Under the Hood#
This section summarises the concepts that make TexTOM work. Use it to understand which parameters matter most when tuning reconstructions.
Diffractlets#
TexTOM models diffraction using either:
Harmonic (HSH) basis: Expands the orientation distribution in hyperspherical harmonics. Controlled by
hsh_max_order; higher orders capture sharper textures at the cost of runtime.Grid-based basis: Discretises orientation space directly (set
odf_mode="grid"and agrid_resolutionin degrees).
A diffractlet stores the scattering response of a specific Miller index under rotation. Adjust max_hkl, q_range, and cutoff_structure_factor in crystal.py to limit computation to physically relevant peaks.
Projectors#
Projectors encode which voxels contribute to each detector pixel after alignment. The workflow:
Downsample and histogram the aligned tomogram.
Choose a density threshold to isolate the specimen from background.
Optionally smooth and fill holes to avoid discontinuities.
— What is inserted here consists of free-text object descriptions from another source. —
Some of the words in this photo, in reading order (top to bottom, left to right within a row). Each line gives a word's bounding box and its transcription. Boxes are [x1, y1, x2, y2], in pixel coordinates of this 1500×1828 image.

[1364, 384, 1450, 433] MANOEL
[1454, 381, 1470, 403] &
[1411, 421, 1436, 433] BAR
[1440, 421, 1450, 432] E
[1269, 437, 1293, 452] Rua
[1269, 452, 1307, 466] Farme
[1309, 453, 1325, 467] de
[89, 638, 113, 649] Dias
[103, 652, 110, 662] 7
Save the resulting operators to
analysis/projectors.h5.
Lower thresholds include more voxels (safer but slower); higher thresholds risk trimming thin features. Keep an eye on the preview mesh before accepting.
Optimisation Loop#
For each voxel TexTOM tries to minimise the mismatch between measured intensities and simulated diffractlet responses:
Assemble peak-specific datasets produced during preprocessing.
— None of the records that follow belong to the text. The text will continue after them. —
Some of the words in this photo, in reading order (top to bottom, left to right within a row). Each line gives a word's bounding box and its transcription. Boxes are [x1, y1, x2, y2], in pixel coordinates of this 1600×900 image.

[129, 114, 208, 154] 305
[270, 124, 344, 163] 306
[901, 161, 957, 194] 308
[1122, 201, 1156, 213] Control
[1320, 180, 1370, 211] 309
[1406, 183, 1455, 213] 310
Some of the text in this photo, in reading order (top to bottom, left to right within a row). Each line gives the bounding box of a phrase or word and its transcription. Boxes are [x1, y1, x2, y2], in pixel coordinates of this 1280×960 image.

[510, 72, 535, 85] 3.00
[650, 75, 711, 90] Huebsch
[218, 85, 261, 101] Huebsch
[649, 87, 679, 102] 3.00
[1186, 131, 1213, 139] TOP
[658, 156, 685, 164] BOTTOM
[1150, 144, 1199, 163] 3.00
Evaluate forward models using current ODF coefficients.
Compute residuals and update coefficients via gradient-based routines.
Repeat until the loss function or residual norms stabilise.
Key stopping levers:
Number of iterations (set in the optimisation prompt).
Convergence tolerance (smaller values mean tighter fits but longer runtime).
Regularisation options within the prompt (e.g., smoothness constraints) if overfitting occurs.
Orientation Statistics#
Post-fit, TexTOM derives summary metrics:
g_pref: Preferred orientation in axis-angle form.a_pref,b_pref,c_pref: Unit vectors of the crystal axes aligned with the local specimen frame.std: Spread of the orientation distribution. Narrow values imply well-aligned grains.scaling: Proxy for crystalline volume fraction per voxel.
Misorientations (mori) and nematic order parameters help interpret fibre textures or segment the sample (see calculate_segments, calculate_order_parameters).
Visualisation Pipeline#
Visualization utilities share a few expectations:
They consume the
resultsdictionary produced bycalculate_orientation_statisticsor loaded viaload_results.IPF plots require specifying crystal directions (e.g.,
[0,0,1]) and sample axes.show_voxel_odf/show_voxel_polefiguredemand voxel indices; useshow_volumeto locate them first.
Saving figures (save_images) is recommended when documenting experiments; combine outputs with Paraview exports for multi-tool validation.